Image

« L’allocation universelle », le « dividende sociale » ou le « revenu de base » est un revenu versé par une communauté politique à tous ses membres, sur base individuelle, sans contrôle des ressources ni exigence de contrepartie, cumulable avec tout autre type de revenu.


Tout d’abord, l’allocation universelle est un revenu versé périodiquement, remplaçant ainsi pour une grande partie les allocations existantes (familiales, de chômage, de pension) et le revenu minimum. Son montant exact dépend toutefois de la combinaison particulière avec ces dispositions, avec la provision de services publics (l’éducation, la santé) et avec le système fiscal. Ensuite, elle est financée par les pouvoirs publics, par exemple par un impôt progressif sur le revenu, une TVA augmentée ou une taxe sur le capital. Enfin, la grande différence avec les systèmes actuels de protection sociale est que l’allocation est universelle : chaque individu y a droit, indépendamment de ses ressources, de sa situation familiale, ou de son activité sur le marché du travail. Riche, pauvre, marié, seul, travailleur, chômeur ou inactif : l’allocation est versée à tous.


   Le revenu de base serait, premièrement, l’instrument hors pair pour lutter contre la pauvreté. Un système universel est considéré comme étant supérieur à une politique ciblée car non seulementtoutes les personnes pauvres seraient automatiquement atteintes (ce qui n’est pas nécessairement le cas avec une politique ciblée), mais en outre, il engendre un coût administratif moindre, puisqu’il ne faudrait plus contrôler qui a droit à l’aide publique ou pas. Les sceptiques de l’allocation universelle dénoncent l’énorme surcoût d’une telle politique indifférenciée, tandis que les défenseurs de celle-ci affirment que, de toute façon, « ce seraient quand même les riches qui la paieront ». Deuxièmement, l’allocation universelle serait une solution au « piège du chômage » actuel (dans lequel les chômeurs trouvant un emploi sont pénalisés en perdant leurs allocations de chômage). Le fait que l’allocation universelle puisse être cumulée avec tout autre revenu (in casu, le salaire) aurait pour conséquence que, dès l’embauche, la situation financière s’améliorerait nécessairement.

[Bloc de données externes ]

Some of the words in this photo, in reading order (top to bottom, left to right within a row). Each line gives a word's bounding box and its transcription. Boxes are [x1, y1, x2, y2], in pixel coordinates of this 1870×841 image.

De plus, l’allocation de base faciliterait le travail à temps partiel (un plus pour la vie familiale) et renforcerait le pouvoir de négociation des travailleurs, leur permettant de refuser des emplois dégradants.

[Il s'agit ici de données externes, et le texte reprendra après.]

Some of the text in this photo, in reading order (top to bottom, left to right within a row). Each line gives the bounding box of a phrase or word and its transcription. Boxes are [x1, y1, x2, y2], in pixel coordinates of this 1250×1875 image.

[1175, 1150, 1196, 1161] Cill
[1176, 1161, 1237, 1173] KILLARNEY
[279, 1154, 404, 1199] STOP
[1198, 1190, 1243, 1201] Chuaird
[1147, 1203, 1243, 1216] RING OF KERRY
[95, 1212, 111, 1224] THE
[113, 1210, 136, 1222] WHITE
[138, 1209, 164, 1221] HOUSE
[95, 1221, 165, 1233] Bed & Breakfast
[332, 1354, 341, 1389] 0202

      Pour les défenseurs de cette idée, le revenu de base est non seulement un instrumentefficace aux problèmes de la pauvreté et du chômage, mais il fait partie intégrante des composantes de la citoyenneté ; il s’inscrit dans d’un concept de justice particulier. Dans cette optique, il ne s’agit pas d’une redistribution mais d’une distribution : à chacun ce qui lui revient. Enfin, la critique la plus grande faite à l’égard de l’allocation universelle est la suivante : « Est-il juste que ceux capables de travailler puissent vivre du travail des autres ? ». La réponse à cette question reste ouverte mais elle ne change rien au caractère novateur et radical de la proposition de l’allocation universelle.